The right amount for peak performance differs both from person to person and over time for each individual. The optimal level also varies according to the task. With relatively simple tasks, you are generally capable of dealing with a broader range of arousal levels. Pressure can even be helpful for tasks requiring a narrow focus or stamina. However, for complex, unfamiliar tasks or ones requiring creative insight, lower arousal levels facilitate concentration and higher performance.

Given that we’re not able to stay at the top of the “U” at all times, the most obvious application of the Yerkes-Dodson Law is to organize your work to match your circadian rhythm and the natural peaks and valleys of your energy.

Identify your typical energy levels pattern and attempt to do your most important and creative work when you’re at your peak. It’s always tempting to knock out simpler tasks, such as handling email or returning calls, instead of digging into work that requires more effort, but save these less cognitively taxing tasks for times when your energy is low. Even if you cannot entirely control your schedule, work the margins to tailor your tasks to your energy.

HOW TO MANAGE TOO MUCH STRESS With high stress levels relating to the pandemic and the uncertainty around the U.S.’s future, many of us need targeted techniques to reduce our stress.

Fortunately, there are a multitude of scientifically proven methods to choose from. Most of us recognize that ample sleep, healthy eating, and exercise are essential to our mental well-being. The good news is that nearly any type of exercise, from yoga to aerobic, can effectively relieve stress. And for additional stress-relieving and mood-boosting benefits, take your workout outdoors.

Other proven stress-reduction techniques include meditation and practicing simple relaxation response techniques, such as deep abdominal breathing, visualizing a favorite relaxing place, or repeating a soothing word. Connecting with loved ones or sorting through emotions through journaling also helps us return to a place of calm.


Finally, a heightened sense of control has powerful stress-buffering effects. Differentiate between what you can and cannot control and focus your efforts on the aspects where you can make choices. Creating a simple two-column list is remarkably effective for parsing out the controllable from the uncontrollable so you can expend your finite energy where it will make a difference.

Experiment among these various methods to find the ones that are most effective and enjoyable for you. By practicing any of these techniques over time, you will reduce your baseline of stress and create muscle memory, so that you will be able to calm yourself more quickly when stress strikes and your heart starts racing.
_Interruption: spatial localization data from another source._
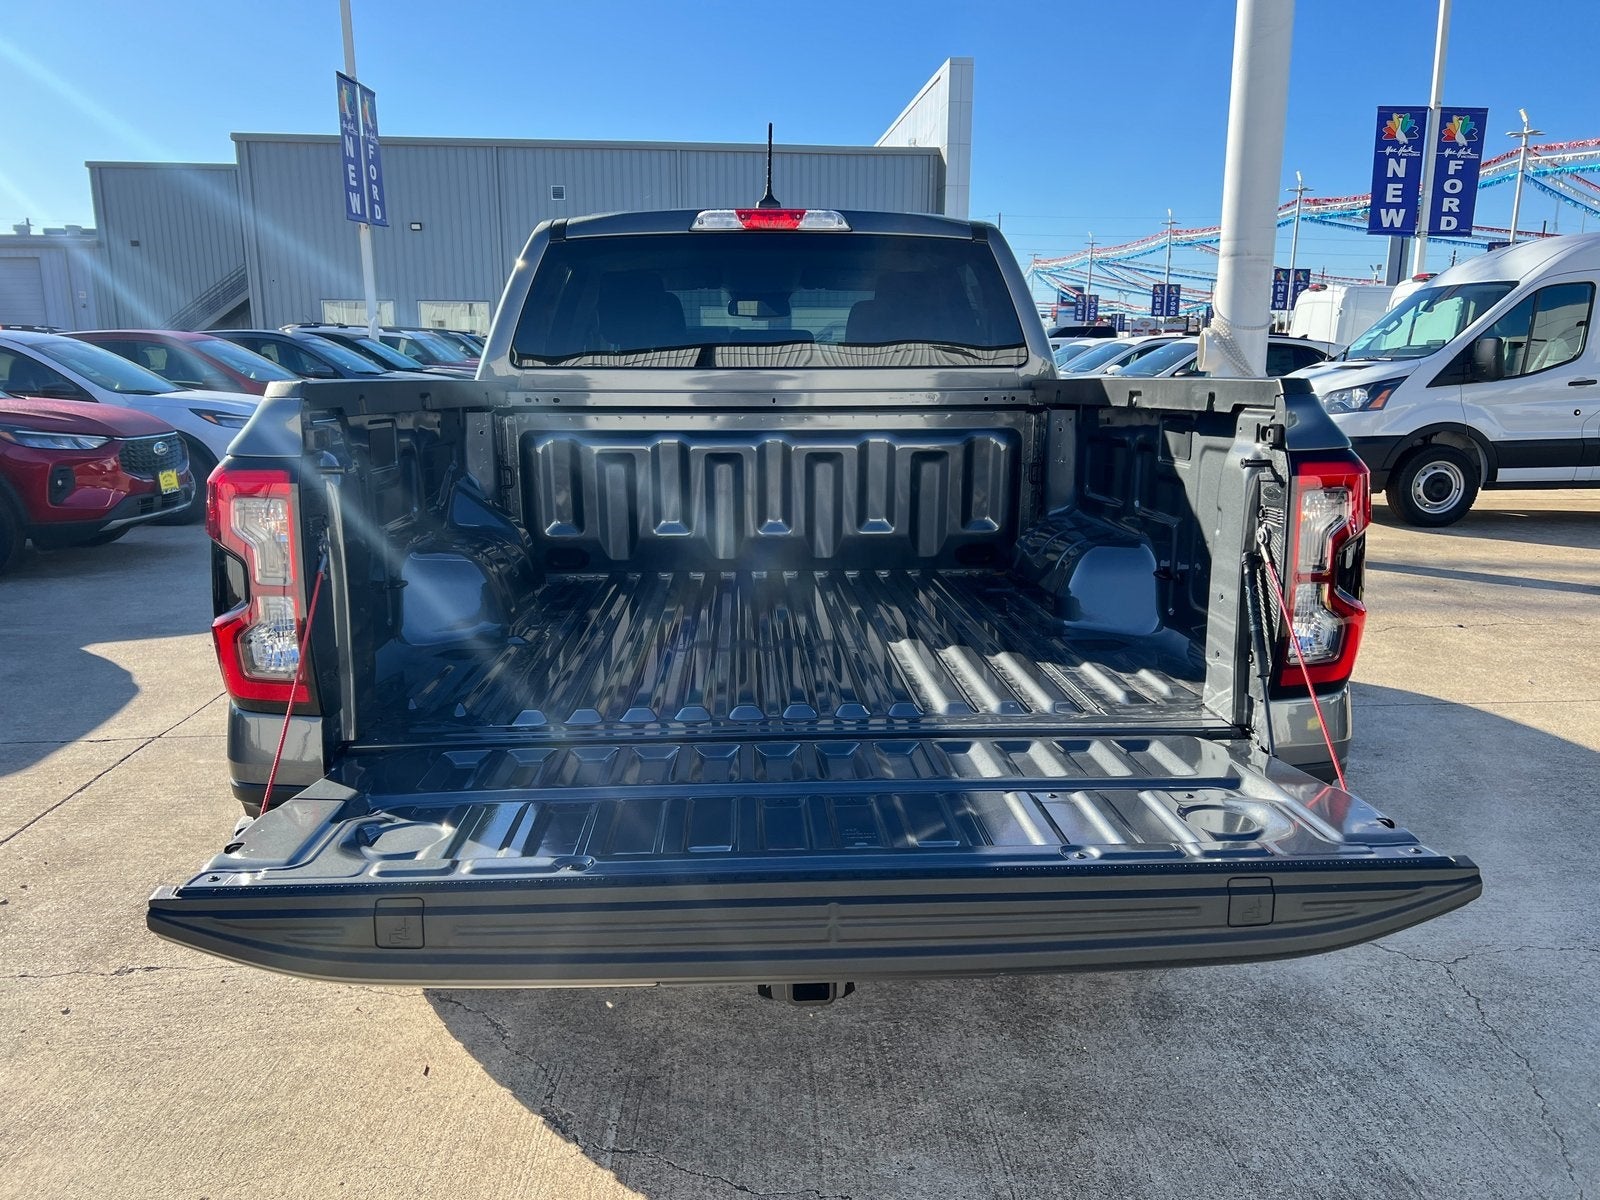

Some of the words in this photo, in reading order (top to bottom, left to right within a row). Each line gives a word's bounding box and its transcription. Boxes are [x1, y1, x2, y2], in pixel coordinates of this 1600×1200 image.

[344, 134, 361, 215] NEW
[367, 144, 382, 220] FORD
[1380, 158, 1407, 228] NEW
[1440, 160, 1464, 231] FORD
[1154, 296, 1162, 315] NEW
[1275, 285, 1285, 309] NEW
WHAT DOES TOO LITTLE STRESS LOOK LIKE? On the flip side, there are times when we need more stimulation to be at our best. This can easily happen if your job is no longer challenging or your current role doesn’t interest you. We all occasionally get bored at work but if it’s chronic and impacting your performance, consider how to increase the challenge in your current role.
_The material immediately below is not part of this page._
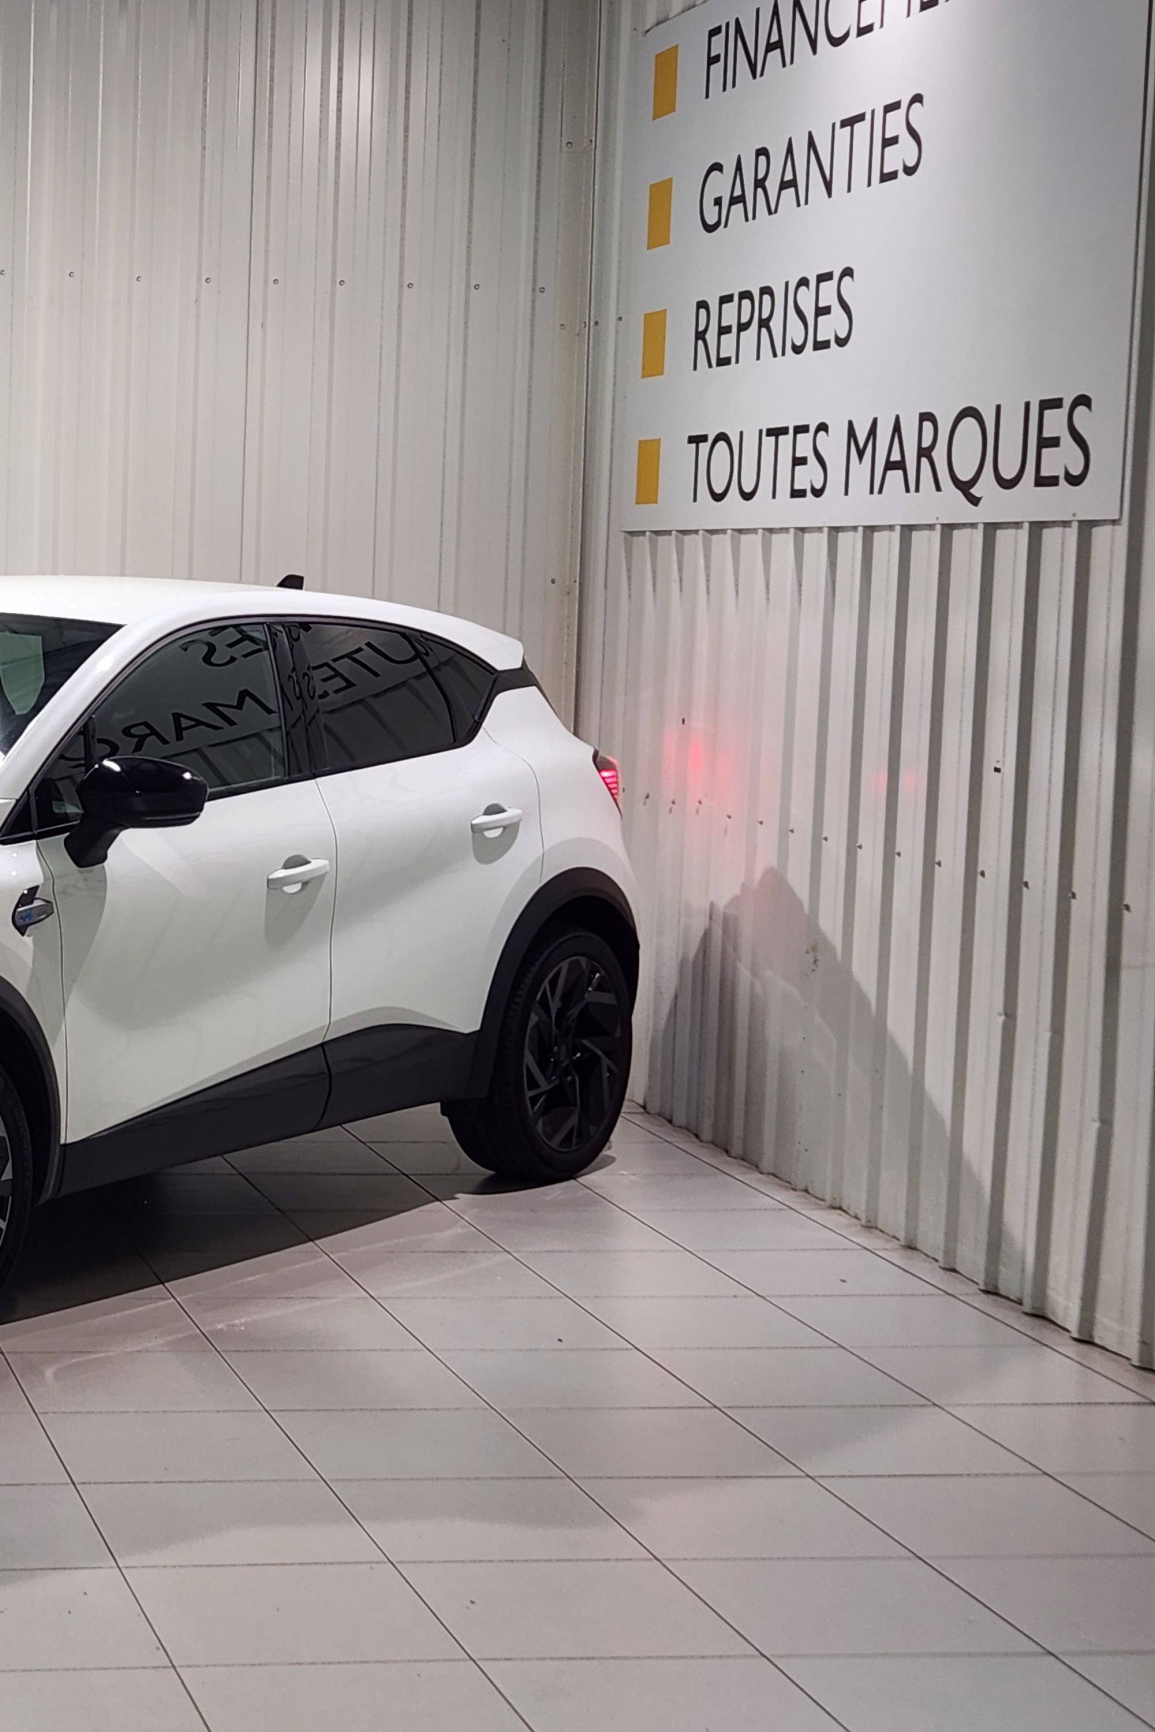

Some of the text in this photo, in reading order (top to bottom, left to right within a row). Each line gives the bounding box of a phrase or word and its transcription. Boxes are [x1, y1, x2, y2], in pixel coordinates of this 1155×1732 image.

[704, 0, 948, 100] FINANCE
[699, 92, 924, 233] GARANTIES
[692, 266, 855, 371] REPRISES
[687, 393, 1093, 508] TOUTES MARQUES
The thought of inviting stress into your life may create discomfort, especially given today’s climate of uncertainty. But it’s really about taking small action steps and looking for opportunities, such as a new project or responsibility, that are both of intrinsic interest and will stretch you to grow. If these options don’t exist, it may be time to consider a new role.

The key for us all is to increase our awareness of where we sit on the inverted “U” curve—at the present moment and over the course of time—and where we ideally need to be. Understanding this dynamic will help you manage your work and your stress levels in a way that’s both practical and sophisticated.

This may not be a linear or rapid process, but it’s vital to your well-being. And over time your increased self-awareness and balanced stress levels will help propel you to optimal productivity and performance.